## Your assignment
Output the entries as they appear, skipping images.

#### The data ####

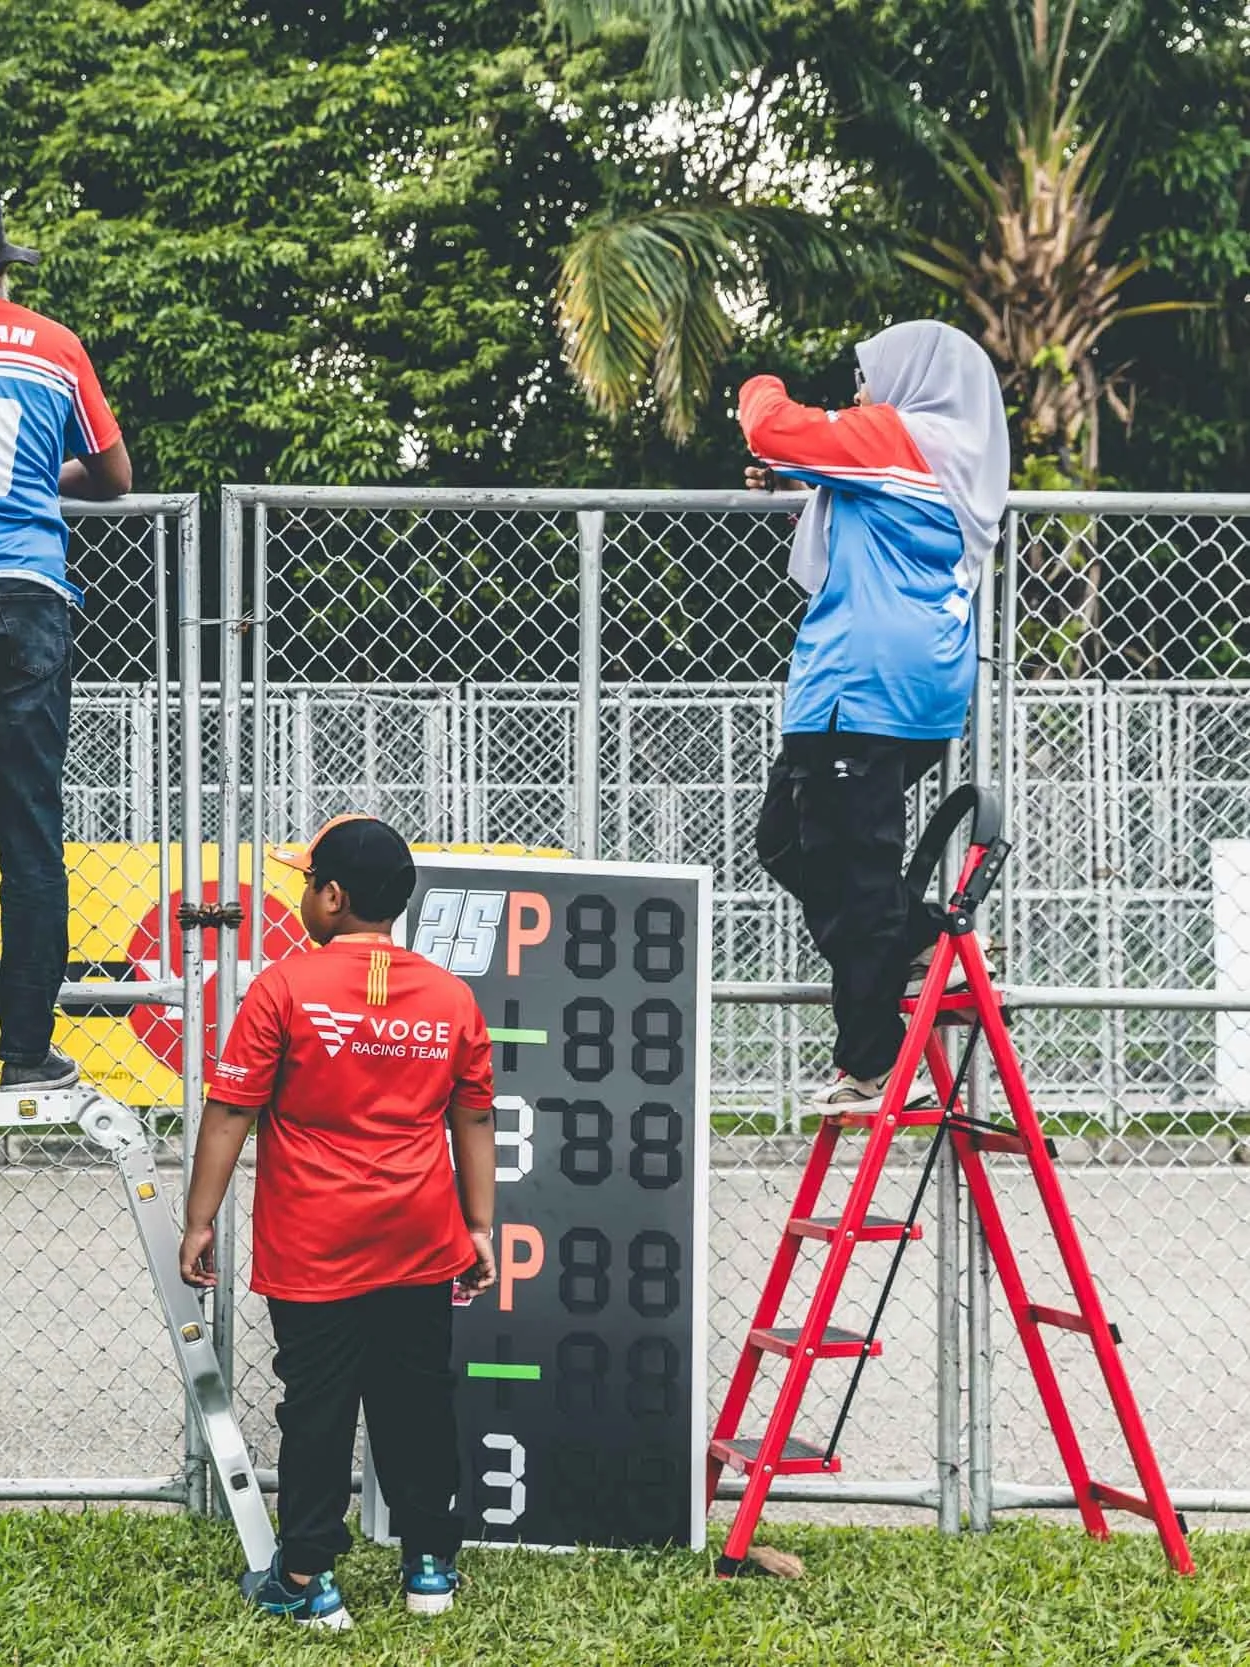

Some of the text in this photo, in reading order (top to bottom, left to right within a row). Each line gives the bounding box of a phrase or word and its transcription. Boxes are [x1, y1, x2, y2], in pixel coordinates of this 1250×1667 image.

[351, 1042, 449, 1060] RACING TEAM
[370, 1017, 450, 1043] VOGE
[499, 1223, 545, 1312] P
[482, 1433, 526, 1525] 3
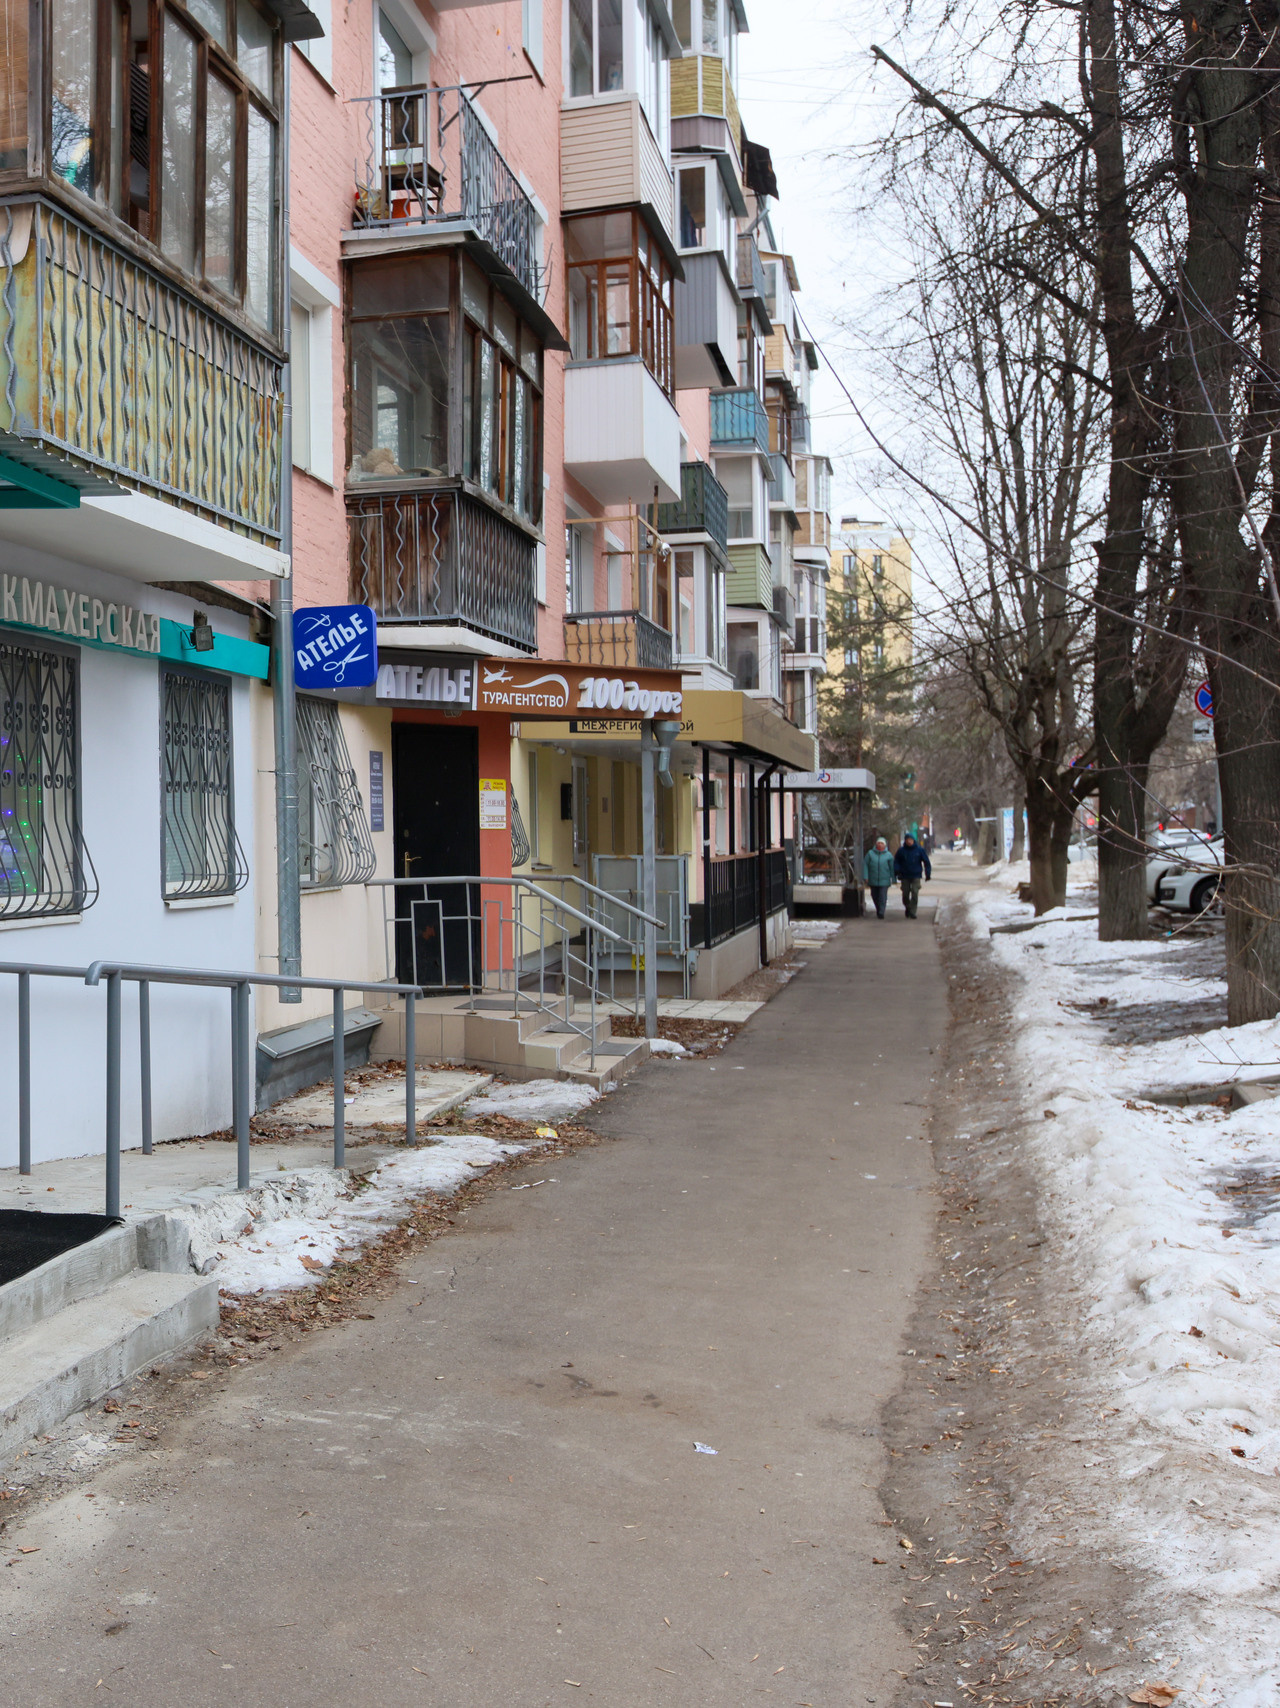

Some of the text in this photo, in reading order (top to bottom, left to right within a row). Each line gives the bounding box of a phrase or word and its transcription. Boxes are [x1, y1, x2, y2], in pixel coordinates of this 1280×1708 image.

[297, 612, 369, 671] АТЕЛЬЕ
[376, 664, 471, 703] АТЕЛЬЕ
[482, 691, 564, 708] ТУРАГЕНТСТВО

####

## Solved problem
Some of the text in this photo, in reading order (top to bottom, left to right within a row). Each line gives the bounding box of a phrase or word and its transcription. Boxes are [x1, y1, x2, y2], in pixel coordinates of this 1250×1667 image.

[351, 1042, 449, 1060] RACING TEAM
[370, 1017, 450, 1043] VOGE
[499, 1223, 545, 1312] P
[482, 1433, 526, 1525] 3

Some of the text in this photo, in reading order (top to bottom, left to right within a row). Each line gives the bounding box of a phrase or word and its transcription. Boxes are [x1, y1, x2, y2], in pixel coordinates of this 1280×1708 image.

[297, 612, 369, 671] АТЕЛЬЕ
[376, 664, 471, 703] АТЕЛЬЕ
[482, 691, 564, 708] ТУРАГЕНТСТВО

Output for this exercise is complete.